- [What this task involves]:
Within the material below, locate the line with "this 1224×1632 image." and the line with "Some of the text", then return those two lines and all lines between them, exactly as written.

- [Entries provided]:

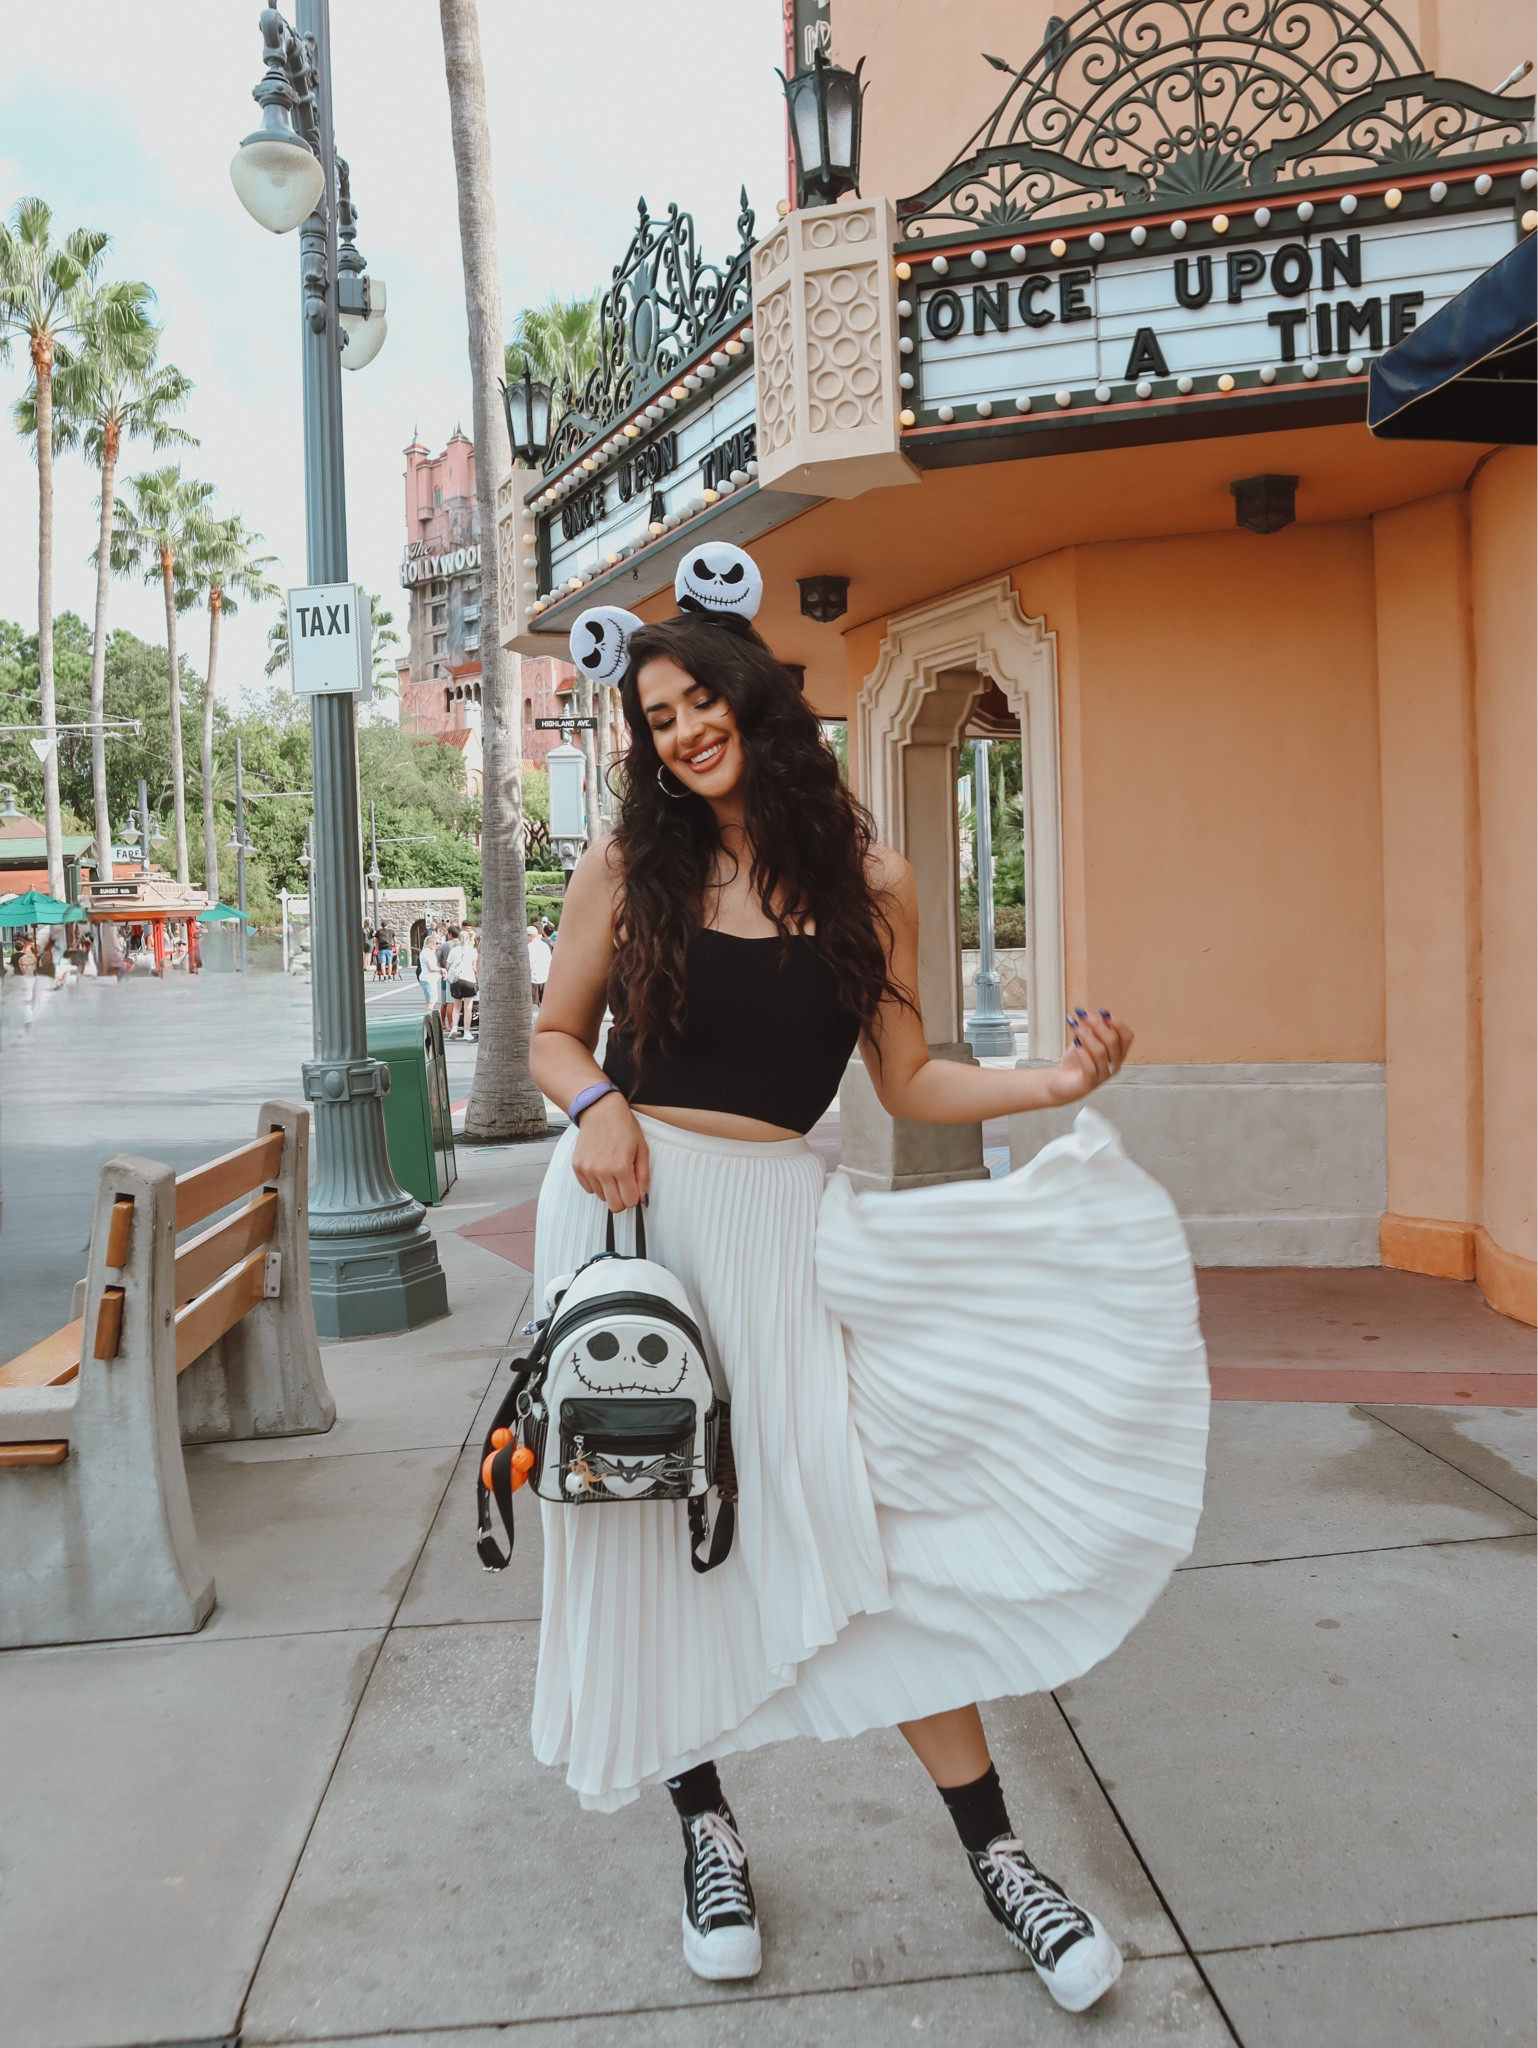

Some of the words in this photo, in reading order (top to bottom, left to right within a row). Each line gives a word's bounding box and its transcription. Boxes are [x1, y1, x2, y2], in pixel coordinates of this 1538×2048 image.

---

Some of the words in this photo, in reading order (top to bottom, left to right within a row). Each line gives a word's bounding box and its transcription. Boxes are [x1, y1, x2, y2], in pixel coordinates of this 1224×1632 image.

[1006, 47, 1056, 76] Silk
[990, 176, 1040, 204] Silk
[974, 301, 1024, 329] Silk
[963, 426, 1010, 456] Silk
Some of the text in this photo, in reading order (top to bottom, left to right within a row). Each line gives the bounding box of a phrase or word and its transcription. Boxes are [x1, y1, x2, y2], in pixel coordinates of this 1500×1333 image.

- [Reply to the exercise]:
Some of the words in this photo, in reading order (top to bottom, left to right within a row). Each line gives a word's bounding box and its transcription. Boxes are [x1, y1, x2, y2], in pixel coordinates of this 1224×1632 image.

[1006, 47, 1056, 76] Silk
[990, 176, 1040, 204] Silk
[974, 301, 1024, 329] Silk
[963, 426, 1010, 456] Silk
Some of the text in this photo, in reading order (top to bottom, left to right within a row). Each line gives the bounding box of a phrase or word and its transcription. Boxes are [x1, y1, x2, y2], in pixel coordinates of this 1500×1333 image.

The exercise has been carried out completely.